As I was giving Liam his second dose of ibuprofen last night, I was struck by the miracle of this sticky-sweet liquid in my hands. For most of human history, there were no effective remedies to lower fevers. Mothers had to sit and watch as their babies burned up and suffered through fevers, or died from them.
I couldn’t do anything about the heat in our house last night, but I could bring Liam’s temperature down with medicine. I could turn on the bath and fill it with cool water, and let him sit in it. I could give him cool water to drink and frozen fruit juice to eat. And I could call the doctor this morning and make an appointment for this afternoon, since strep is going around and he’ll need antibiotics if that’s what he has. Antibiotics that will easily knock out an infection that killed children a hundred years ago, that still kills children in far-away countries today.I have a friend who grew up without much money, but her mother used to say that a hot shower made her feel rich because they felt so luxurious. I was struck by that, both by how true it is and how much I take it for granted. I think about it every time I take a shower now, though. Luxury has become so commonplace for us, for me, that it seems like necessity.
That doesn’t necessarily make it easier to struggle financially. It still sucks to try and scrape together the money to pay unexpected medical bills, or to get a carseat for the new baby, or to fix the car. But all those bills also mean that we have access to great medical care, that we’re expecting a healthy 5th baby that we can afford to keep safe in the car, that we have a car to get the baby to and from the birth center and the doctor.
I’ve been grateful for every Paypal donation. Truly grateful. And also I’ve cringed a little bit, embarrassed that we need the help, but embarrassed even more by the sheer scale of everyone’s generosity. I keep thinking that we don’t deserve such kindness, that there are better people out there who suffer more gracefully and have more dire problems.
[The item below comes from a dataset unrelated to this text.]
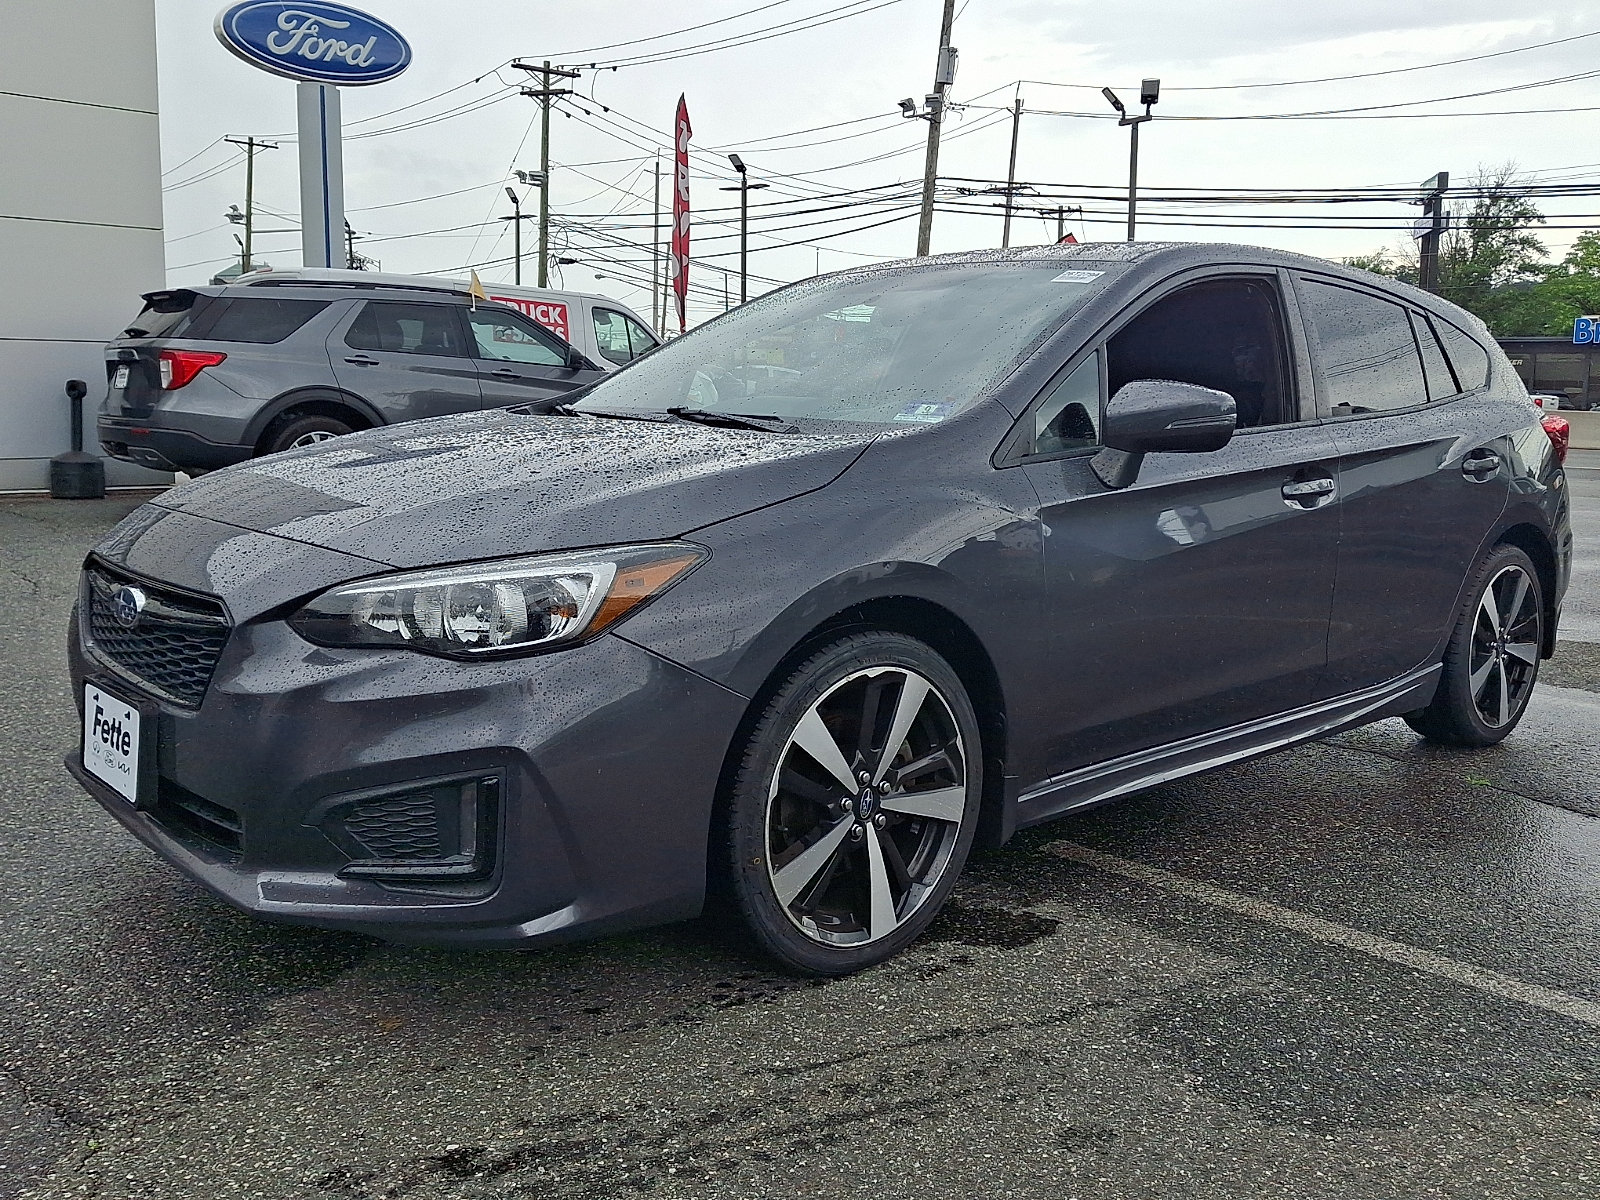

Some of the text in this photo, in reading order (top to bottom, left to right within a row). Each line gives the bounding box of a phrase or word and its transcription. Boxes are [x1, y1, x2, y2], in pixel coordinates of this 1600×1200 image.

[266, 10, 378, 68] Ford
[493, 299, 564, 325] UCK
[92, 704, 131, 756] Fette
I keep thinking of that phrase, “an embarrassment of riches.”
But my life already is an embarrassment of riches. However hard it might be to follow Church teaching, it’s given us 5 beautiful children. However much we might struggle, we still have our basic needs met, not to mention those luxuries we take for granted — hot showers, air conditioning, coffee. And for every person who criticizes us for having too many kids, there is someone who writes me an email, or leaves a comment or a donation, or says a prayer for my family.
Like all grace, it’s so much more than we deserve.